Start of Input data

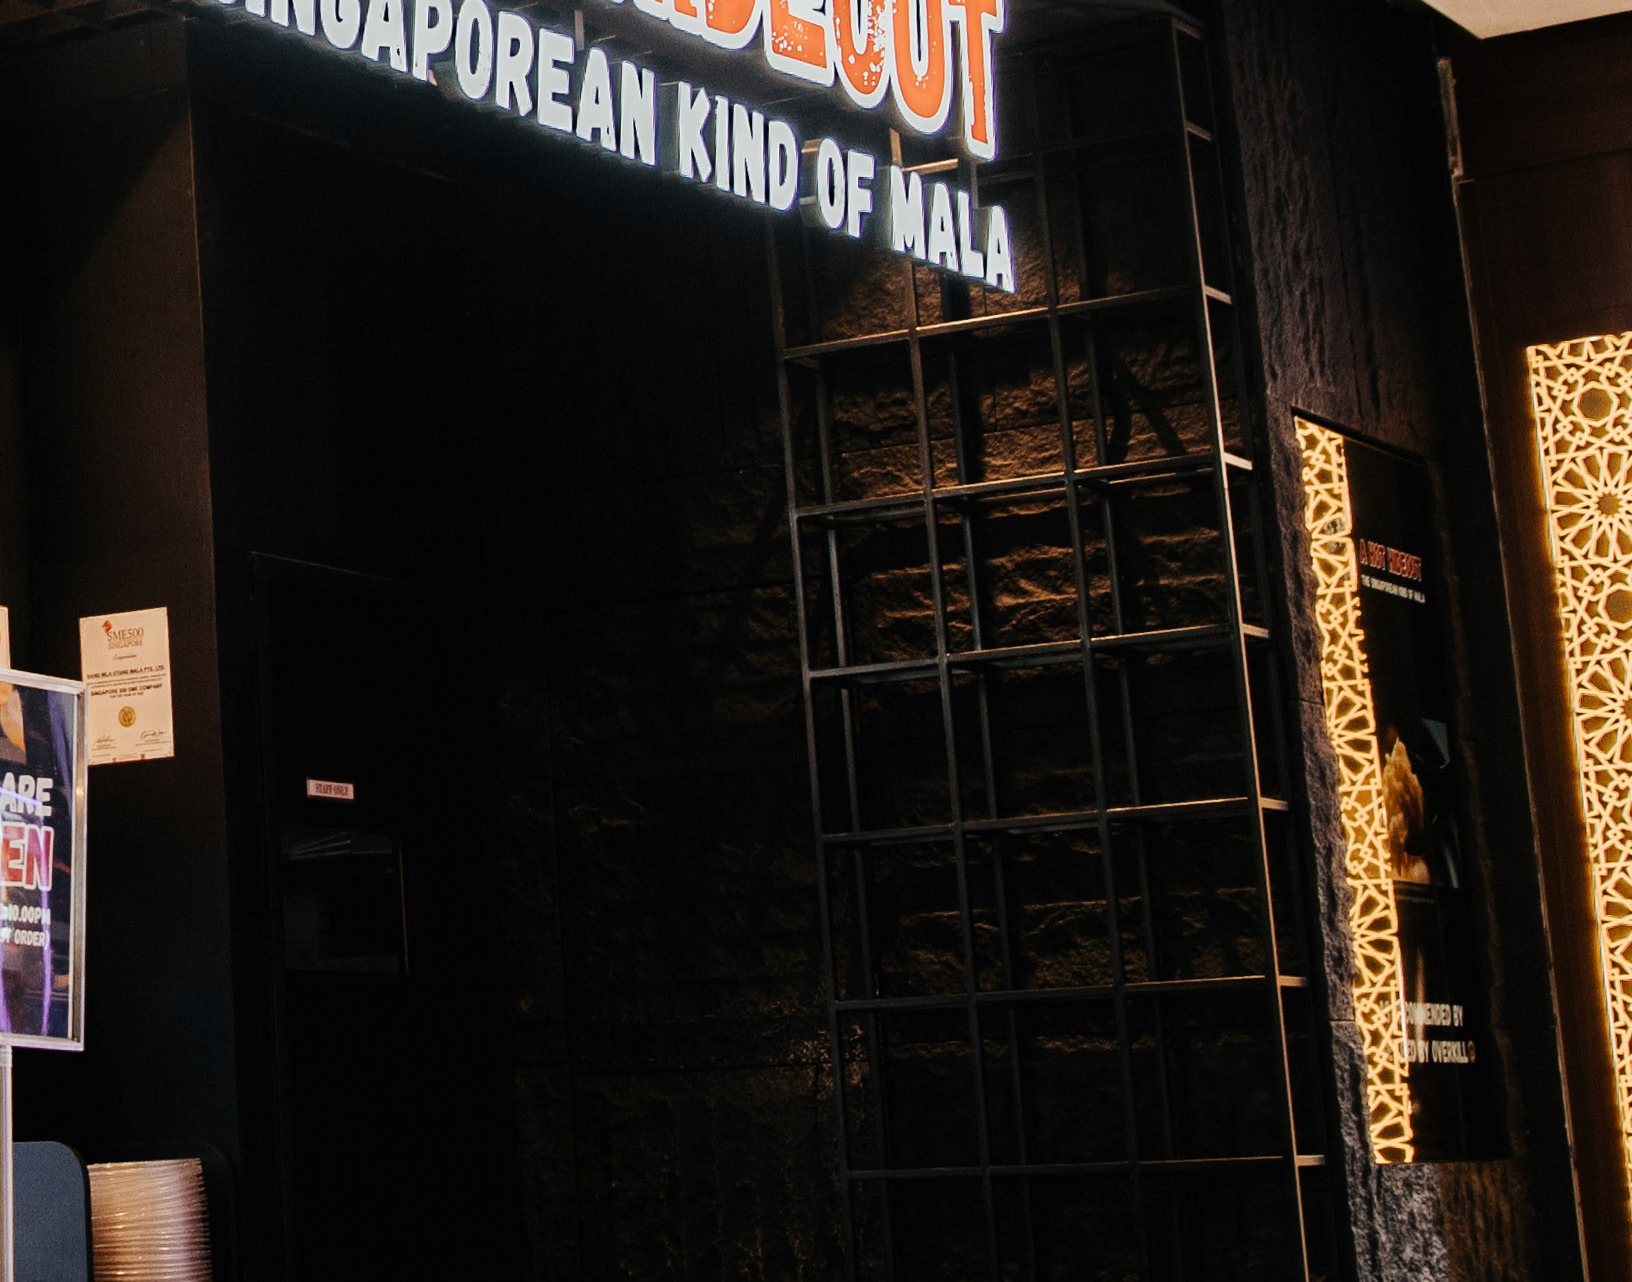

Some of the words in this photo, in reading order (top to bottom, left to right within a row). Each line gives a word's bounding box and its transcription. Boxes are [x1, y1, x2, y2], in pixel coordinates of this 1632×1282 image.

[677, 80, 798, 211] KIND
[817, 147, 874, 238] OF
[890, 164, 1014, 293] MALA
[107, 628, 144, 642] SME500

End of Input data

**To do**
An exact copy of the records above is required, leaving out the pictures.

**Exercise solution**
Some of the words in this photo, in reading order (top to bottom, left to right within a row). Each line gives a word's bounding box and its transcription. Boxes are [x1, y1, x2, y2], in pixel coordinates of this 1632×1282 image.

[677, 80, 798, 211] KIND
[817, 147, 874, 238] OF
[890, 164, 1014, 293] MALA
[107, 628, 144, 642] SME500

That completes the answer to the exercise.